There are things you can do when you first experience signs of a cold to help prevent it from going deeper into your chest.

If you are experiencing predominantly Wind Cold symptoms, you need to warm yourself from the inside, induce a sweat, and sleep as much as possible.  The best home remedy is to finely slice a big piece of ginger root (perhaps 6” long by 2” wide).  Bring it to a boil in 6 cups of water, then reduce it to a simmer for an additional 15 minutes.  Then, turn off the heat, and add 4 teabags of green tea.  Remove the green tea bags in 2-3 minutes.  Drink a cup or two of this, then take a steamy hot shower.  Get out of the shower, go right to bed under warm covers and sleep as much as you can.  Repeat this process until you experience a nice sweat that breaks your fever and alleviates most of your symptoms.  If you have a “wind-cold” type cold, the caffeine in the green tea typically will not act as a stimulant, even if you are otherwise sensitive to caffeine.  If you have a genuine Wind Cold condition, you will feel much better after you sweat it out. 

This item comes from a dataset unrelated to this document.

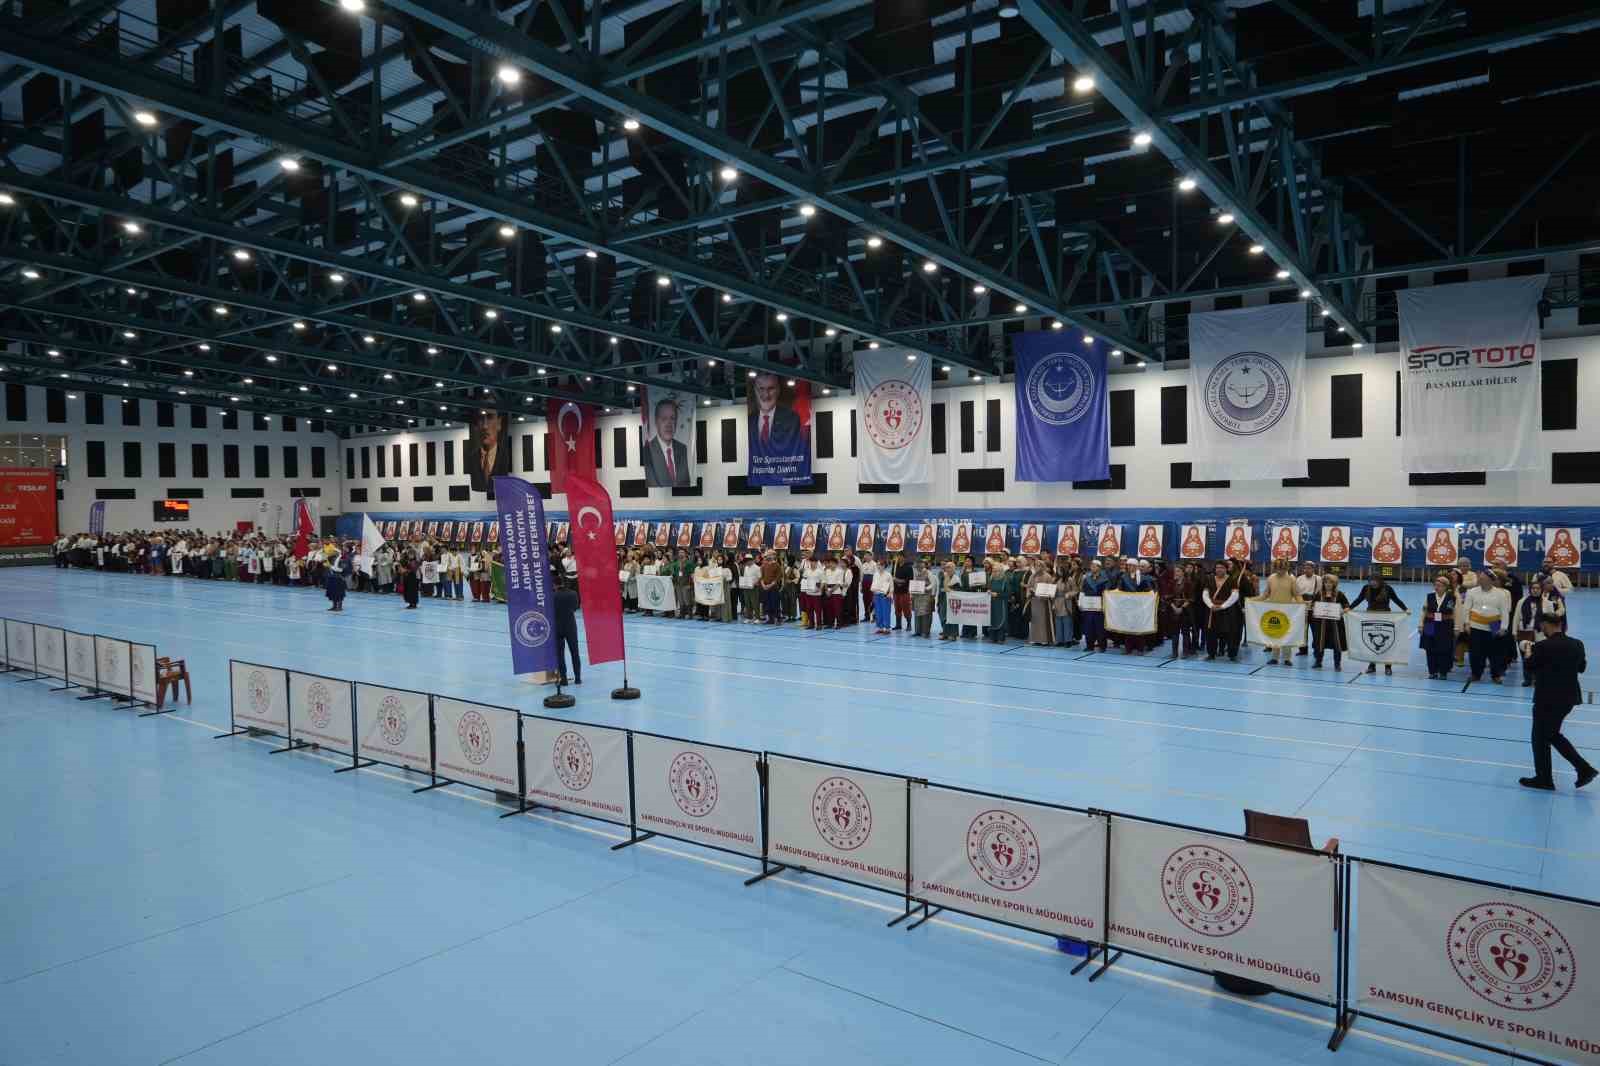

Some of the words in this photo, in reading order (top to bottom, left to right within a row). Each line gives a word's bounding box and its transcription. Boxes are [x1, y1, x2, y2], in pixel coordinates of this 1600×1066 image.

If you are experiencing predominantly Wind Heat symptoms, there is a Chinese herbal remedy called Yin Chiao that works really well for this.  Whole Foods sells a version of it.  The brand name is Planetary Formulas.

Whenever you have signs of a cold, you should forgo eating all dairy products and refined sugars until you are well.  Dairy products aggravate phlegm conditions and refined sugars suppress your immune system—which is the last thing you want to do when you are sick.

When Wind-Cold and Wind-Heat aren’t resolved properly, they can transform into each other (typically Wind-Cold transforms into Wind-Heat).  Or, they can lodge deeper in the chest and linger there as Lung-Heat or Lung-Phlegm-Heat.

There are two other very common patterns.  The first pattern is called Qi Deficiency with External Wind.  The sufferer is typically an adult with a weak respiratory or immune system who keeps getting sick, or they never really get over their last cold, before they get another cold.  Sometimes they can’t tell if it’s allergies or a cold.  They just always feel lousy.  Typically, they have mild chills, maybe a mild fever, headache, nasal congestion, a cough with clear mucus, a recurrent mild sore throat, swollen glands, fatigue, lethargy and weakness.

Another very common pattern is called Wind Cold with Interior Heat.  This pattern is common in children and in young robust adults.  They get severe cold symptoms: high fever, severe chills, a loud cough with sticky yellow mucus, no sweat, severe sore throat, stuffed nose, headache and body aches, very thirsty and irritable. 

There are excellent, targeted Chinese herbal formulas for all of these patterns.  Some of my patients with children purchase these formulas from me to have on hand when their kids get sick.  Pleasant tasting versions of classic Chinese cold and flu formulas are now available in “kid versions”.

Acupuncture and Chinese herbal medicine are effective both for expelling early stage colds and for getting rid of recalcitrant phlegm due to colds that have lodged deeper in the chest and overstayed their welcome.  Acupuncture and moxabustion are also very effective in preventing colds, and for strengthening the body’s vital energy after a bout of pneumonia or flu in order to prevent recurrences.